Log 3 - Visual Inspiration + Making a Picross Solver

Pico² is releasing on Feb 9th 2025! Follow on itch.io for updates!

See the Pico² Design Document!

I settled on two key visual inspirations for Pico² from games I’ve played:

• Monument Valley is a puzzle game for PC and Mobile, where you navigate M.C. Escher-esque environments.
  • The game uses simple but often striking colours with vibrant highlights.
  • I like the serene atmosphere.
• Firewatch is an exploration narrative game for PC and console, where you traverse and learn about an American national park as a fire lookout.
  • I like the infusion of striking colour in natural environments, and how it often uses a monochrome palette within a scene.
  • It evokes sunsets and sunrises, and the serenity and beauty of open wilderness.

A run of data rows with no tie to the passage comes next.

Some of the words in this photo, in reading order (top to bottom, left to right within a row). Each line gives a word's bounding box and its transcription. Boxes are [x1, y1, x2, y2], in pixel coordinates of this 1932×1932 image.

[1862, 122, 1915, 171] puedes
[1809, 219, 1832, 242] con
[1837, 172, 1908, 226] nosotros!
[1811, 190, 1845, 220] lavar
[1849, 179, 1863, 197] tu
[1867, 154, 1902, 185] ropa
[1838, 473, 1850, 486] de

Monument Valley (2014) by ustwo

Firewatch (2016) by Campo Santo

I might add more inspirations later - I have ideas for levels belonging to worlds with distinct settings, but it all depends on how much space I have to work with in memory.

Next, I had to figure out how to generate random puzzles. Through some experiments in Python, I designed a simple algorithm which solves any given puzzle; it’s probably not very fast, but it can evaluate 100 15x15 puzzles in less than 15 seconds, so it’s good enough for my case.

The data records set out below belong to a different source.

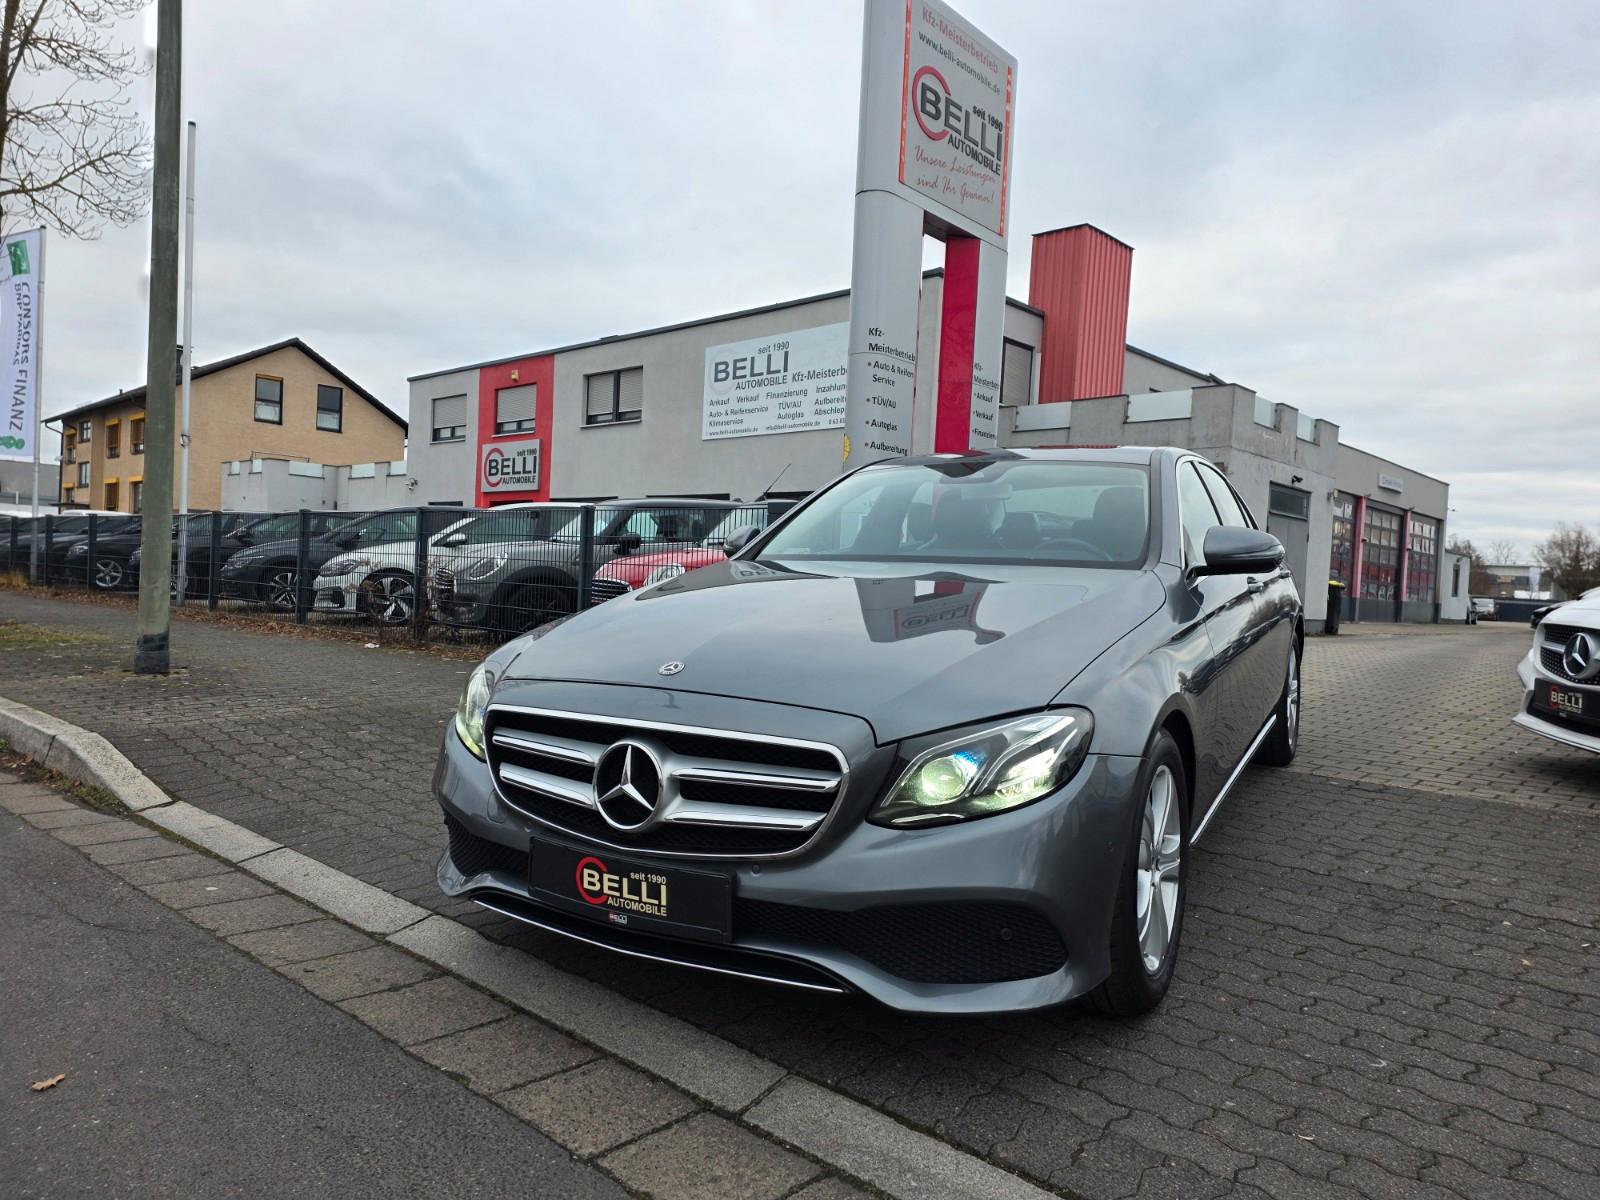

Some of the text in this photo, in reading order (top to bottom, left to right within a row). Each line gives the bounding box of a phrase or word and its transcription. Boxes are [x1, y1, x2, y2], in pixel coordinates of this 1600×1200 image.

[922, 7, 999, 74] Kfz-Meisterbetrieb
[918, 31, 1001, 96] www.belli-automobile.de
[920, 82, 1002, 162] BELLI
[972, 105, 1003, 132] seit 1990
[914, 145, 947, 169] Unsere
[947, 133, 1001, 176] AUTOMOBILE
[917, 174, 939, 189] sind
[868, 328, 885, 337] Kfz-
[757, 341, 790, 354] seit 1990
[868, 342, 915, 362] Meisterbetrieb
[9, 281, 31, 431] CONSORS FINANZ
[713, 350, 789, 383] BELLI
[873, 360, 890, 372] Auto
[890, 364, 896, 373] &
[735, 375, 788, 391] AUTOMOBILE
[872, 374, 896, 387] Service
[766, 388, 808, 400] Finanzierung
[816, 383, 848, 393] Inzahlun
[709, 397, 730, 407] Ankauf
[736, 394, 759, 403] Verkauf
[872, 395, 897, 409] TÜV/AU
[976, 392, 993, 403] Ankauf
[777, 411, 805, 421] Autoglas
[814, 406, 845, 417] Abschlep
[975, 409, 994, 421] Verkauf
[709, 418, 744, 428] Klimaservice
[870, 418, 898, 431] Autoglas
[517, 449, 526, 457] seit
[869, 441, 908, 457] Aufbereitung
[488, 456, 537, 477] BELLI
[502, 475, 536, 485] AUTOMOBILE
[1551, 691, 1583, 709] BELLI
[630, 872, 667, 885] seit 1990
[583, 868, 667, 906] BELLI
[607, 896, 668, 917] AUTOMOBILE

This was really daunting to get into since initially I had no idea where to start; I found some Python implementations, but they used some Object Oriented features, so I decided to write one from scratch given the token restriction and limited Lua features in PICO-8. I also found some papers on the subject, but the notation became a little too confusing.

In the end, I just started by building up the steps I would take as a player.

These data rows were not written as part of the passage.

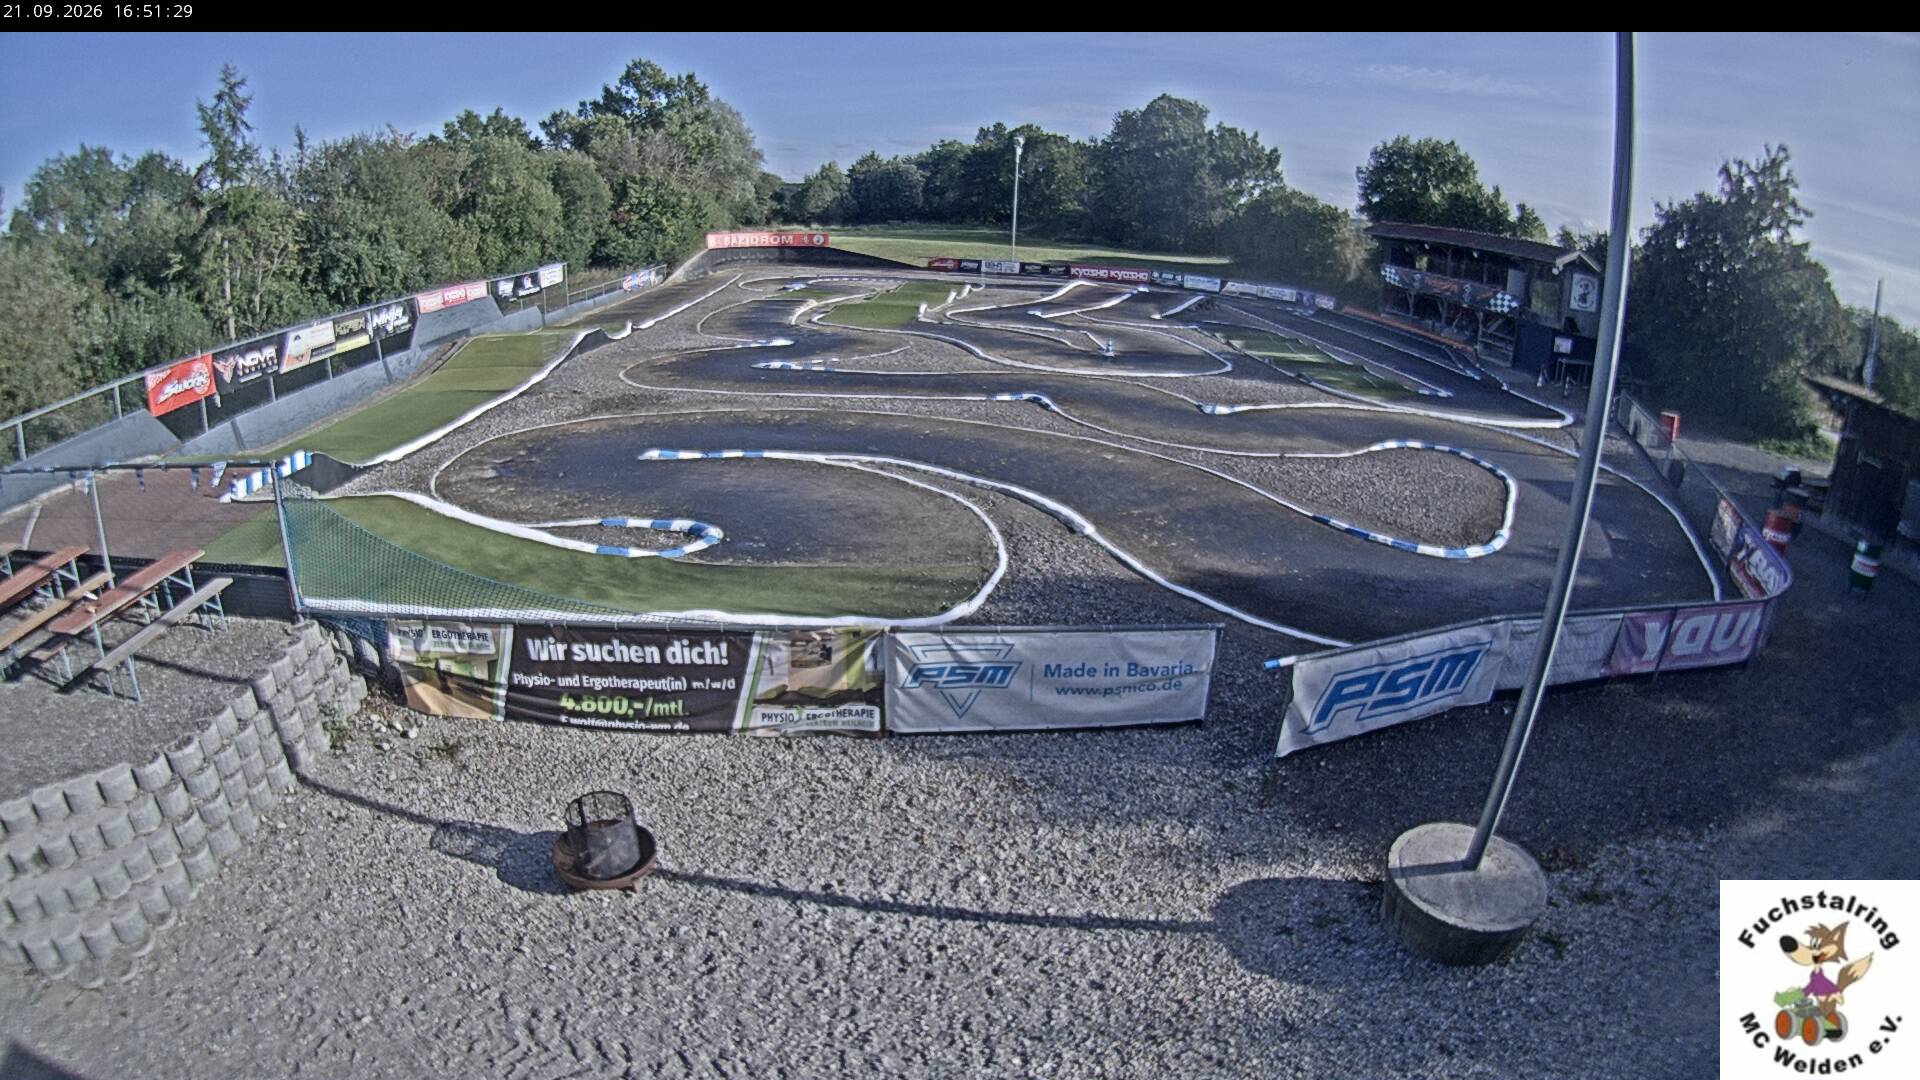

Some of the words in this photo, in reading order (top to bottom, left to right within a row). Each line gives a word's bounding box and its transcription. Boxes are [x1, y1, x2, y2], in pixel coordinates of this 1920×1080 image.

[526, 638, 567, 662] Wir
[573, 639, 660, 664] suchen
[666, 638, 728, 665] dich!
[908, 664, 1013, 686] PSM
[1043, 662, 1097, 678] Made
[1103, 662, 1119, 677] in
[513, 673, 556, 690] Physio-
[558, 674, 580, 688] und
[582, 675, 687, 693] Ergotherapeut(in)
[692, 678, 736, 691] m/w/d
[1055, 678, 1183, 698] www.psmco.de
[1315, 649, 1482, 724] PSM
[761, 712, 795, 723] PHYSIO

• First, I check for rows with big numbers; they’re most likely to have some fill-able information.
• Then I build around these, extending filled sections wherever I can to open options, and filling in crosses.
• This eventually sprawls out until there are plenty of options to tackle.

In a more algorithm-friendly approach:

• First, I check for rows that can be filled fully - for example, where the hint is just the row length, so every space is filled.
• For rows where this isn’t possible, check every possible permutation of the hints given (taking into account the information already filled). If there is a value that appears in every permutation in the same position, then we can fill it.
  • This is illustrated in the code block below.
• Keep repeating the previous step until the puzzle is either solved, or no options remain available, revealing that the puzzle either is or isn’t solvable without needing to guess.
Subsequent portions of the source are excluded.